*DATA LISTING*:
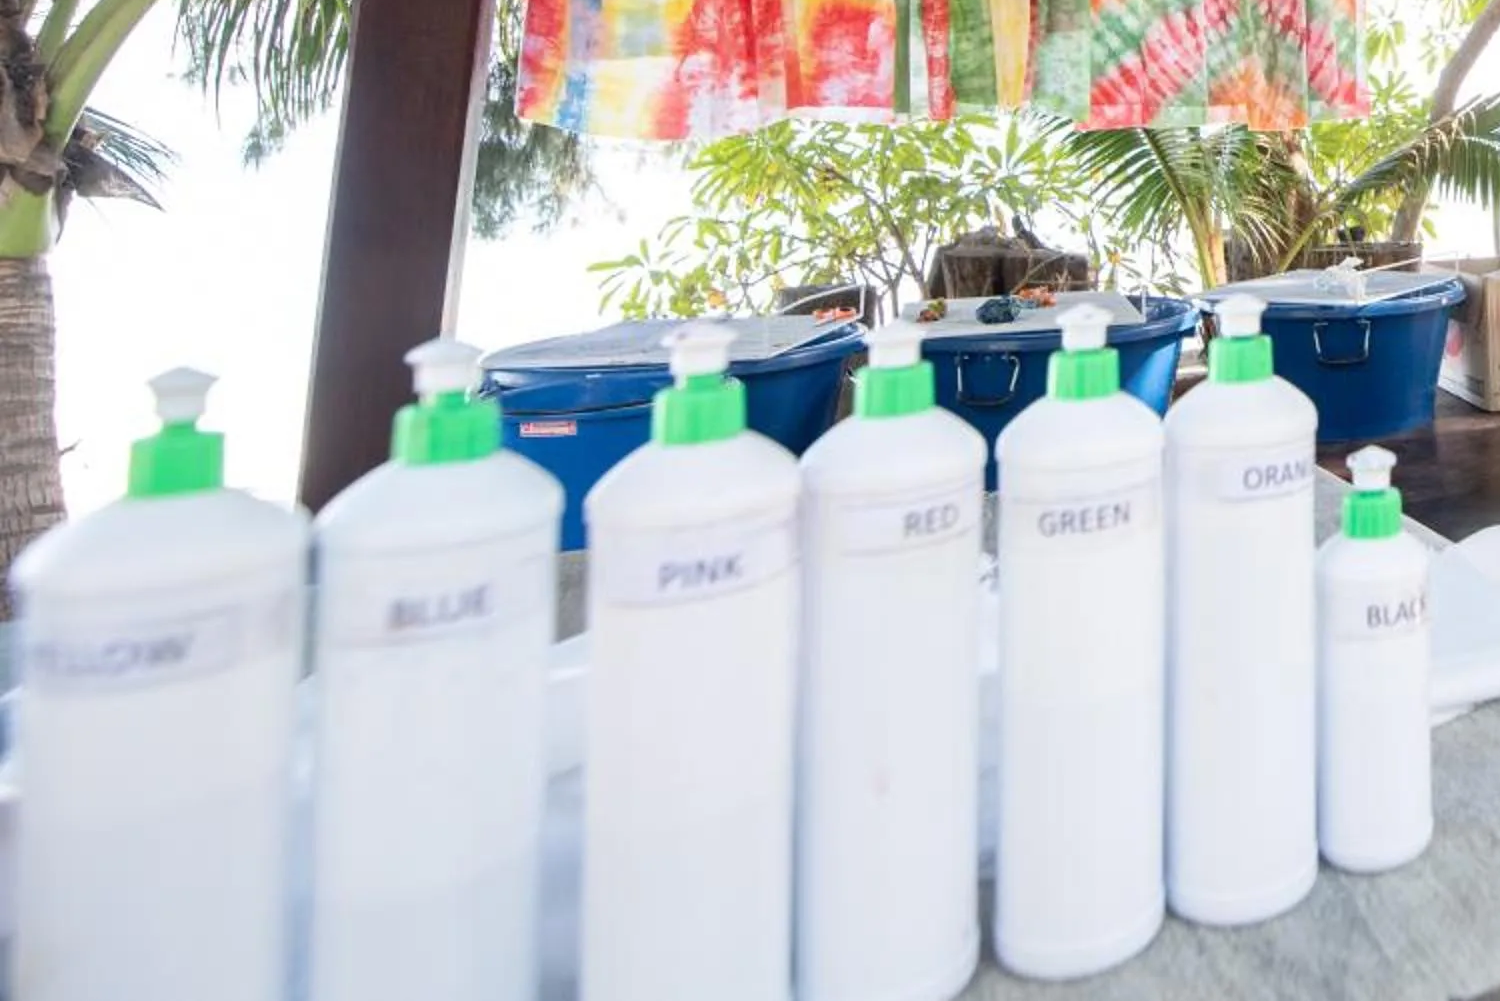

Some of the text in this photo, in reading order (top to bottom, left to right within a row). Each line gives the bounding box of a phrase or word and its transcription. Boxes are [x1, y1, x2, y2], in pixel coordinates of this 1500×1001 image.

[903, 504, 960, 538] RED
[1038, 500, 1130, 537] GREEN
[658, 552, 744, 592] PINK
[386, 582, 494, 631] BLUE
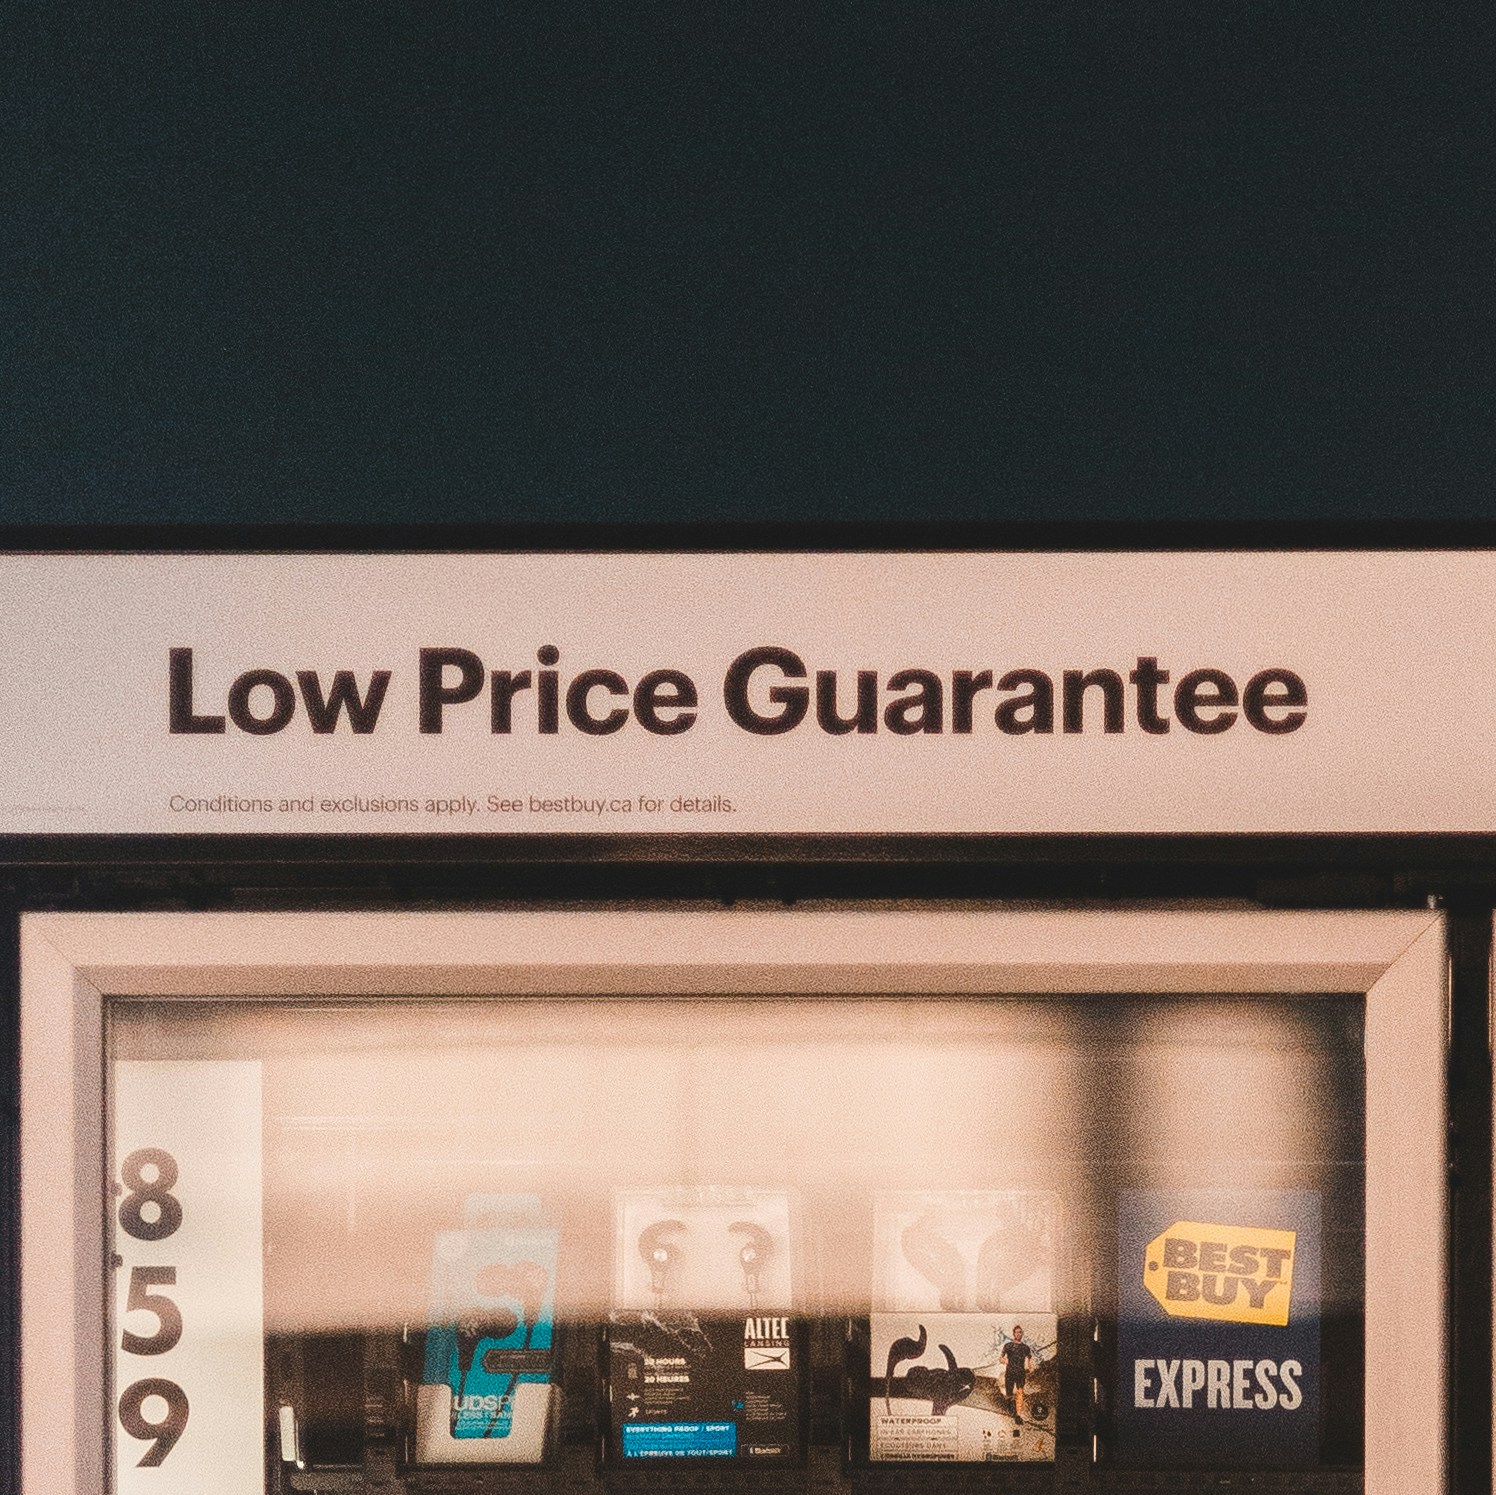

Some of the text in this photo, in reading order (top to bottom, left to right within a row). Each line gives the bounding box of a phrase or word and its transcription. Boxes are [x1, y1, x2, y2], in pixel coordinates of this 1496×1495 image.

[169, 644, 1308, 735] Low Price Guarantee
[170, 795, 737, 817] Conditions and exclusions apply. See bestbuy.ca for details.
[1163, 1238, 1291, 1276] BEST
[1165, 1274, 1276, 1311] BUY
[1133, 1359, 1303, 1410] EXPRESS
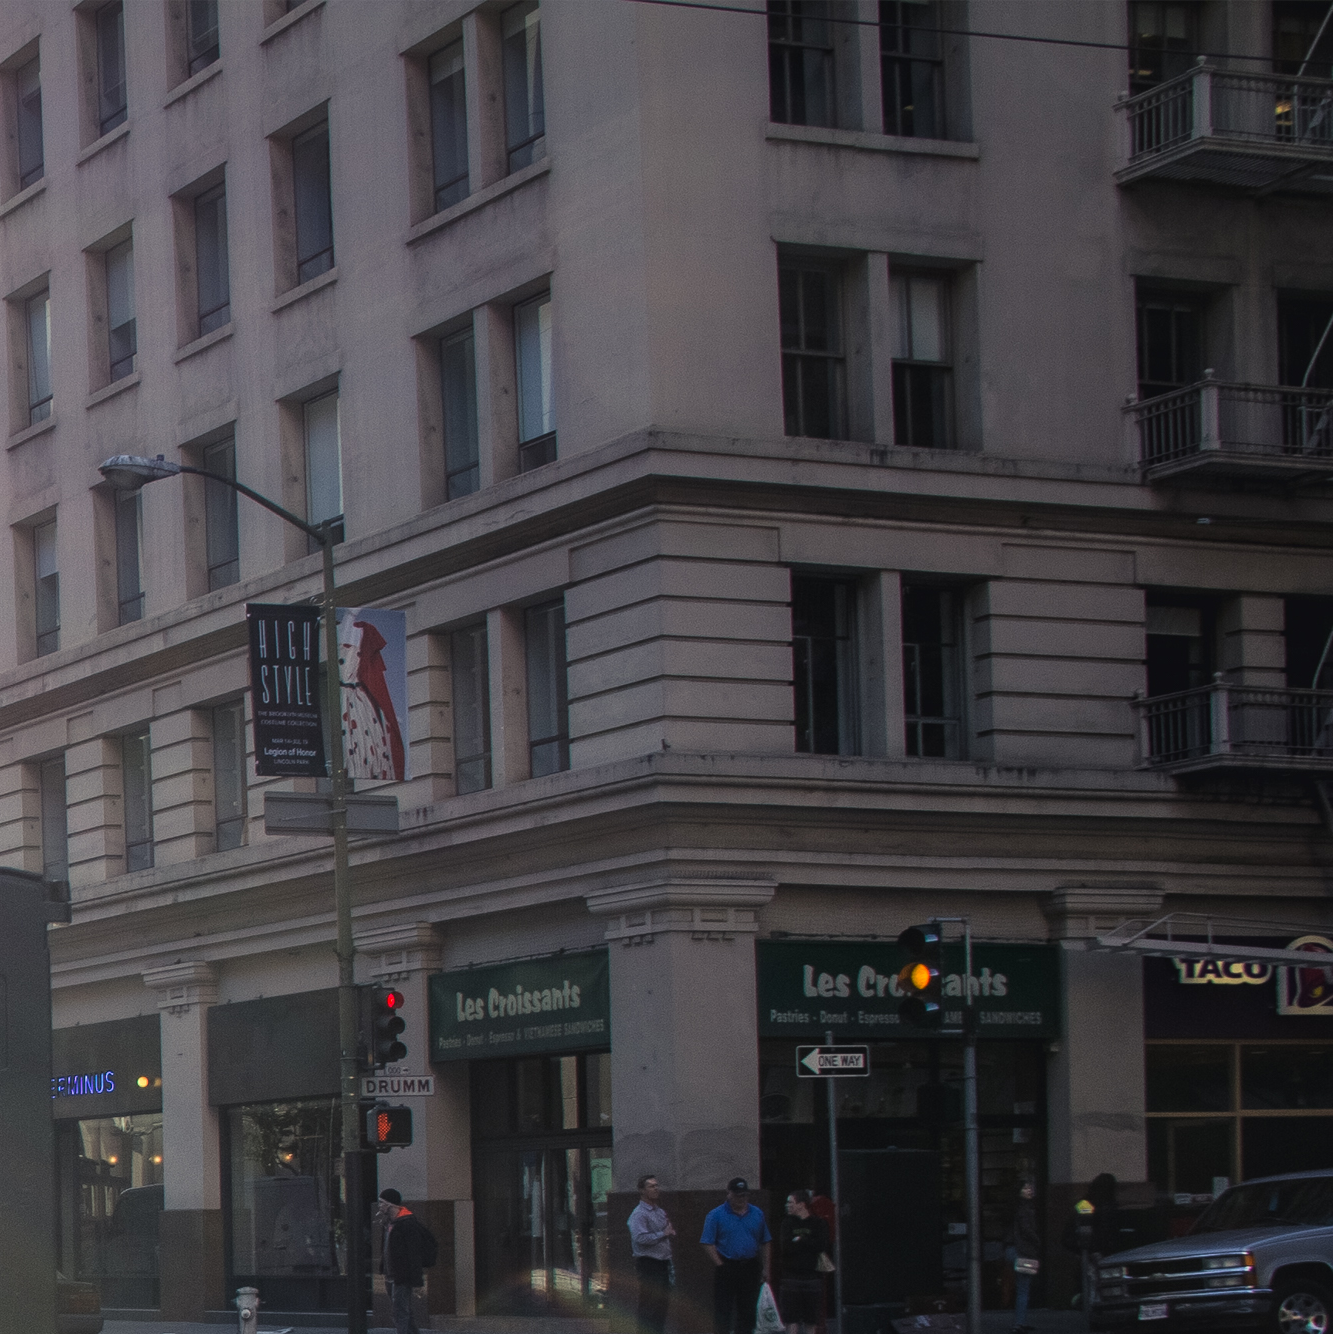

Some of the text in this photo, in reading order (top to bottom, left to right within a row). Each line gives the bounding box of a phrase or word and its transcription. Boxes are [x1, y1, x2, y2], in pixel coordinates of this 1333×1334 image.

[258, 619, 312, 661] HIGH
[260, 664, 313, 706] STYLE
[264, 747, 317, 757] Legion of Honor
[1176, 957, 1273, 985] TACO
[803, 964, 1008, 998] Les Croants
[455, 979, 581, 1022] Les Croissants
[770, 1009, 811, 1024] Pastries
[820, 1010, 849, 1024] Donut
[979, 1011, 1042, 1025] SANDWICHES
[564, 1018, 605, 1036] SANDWICHES
[818, 1055, 862, 1067] ONE WAY
[365, 1079, 431, 1094] DRUMM

*ACTIVITY*:
Repeat the entries exactly. Any picture is to be left out.

*PROBLEM SOLUTION*:
Some of the text in this photo, in reading order (top to bottom, left to right within a row). Each line gives the bounding box of a phrase or word and its transcription. Boxes are [x1, y1, x2, y2], in pixel coordinates of this 1500×1001 image.

[903, 504, 960, 538] RED
[1038, 500, 1130, 537] GREEN
[658, 552, 744, 592] PINK
[386, 582, 494, 631] BLUE

Some of the text in this photo, in reading order (top to bottom, left to right within a row). Each line gives the bounding box of a phrase or word and its transcription. Boxes are [x1, y1, x2, y2], in pixel coordinates of this 1496×1495 image.

[169, 644, 1308, 735] Low Price Guarantee
[170, 795, 737, 817] Conditions and exclusions apply. See bestbuy.ca for details.
[1163, 1238, 1291, 1276] BEST
[1165, 1274, 1276, 1311] BUY
[1133, 1359, 1303, 1410] EXPRESS

Some of the text in this photo, in reading order (top to bottom, left to right within a row). Each line gives the bounding box of a phrase or word and its transcription. Boxes are [x1, y1, x2, y2], in pixel coordinates of this 1333×1334 image.

[258, 619, 312, 661] HIGH
[260, 664, 313, 706] STYLE
[264, 747, 317, 757] Legion of Honor
[1176, 957, 1273, 985] TACO
[803, 964, 1008, 998] Les Croants
[455, 979, 581, 1022] Les Croissants
[770, 1009, 811, 1024] Pastries
[820, 1010, 849, 1024] Donut
[979, 1011, 1042, 1025] SANDWICHES
[564, 1018, 605, 1036] SANDWICHES
[818, 1055, 862, 1067] ONE WAY
[365, 1079, 431, 1094] DRUMM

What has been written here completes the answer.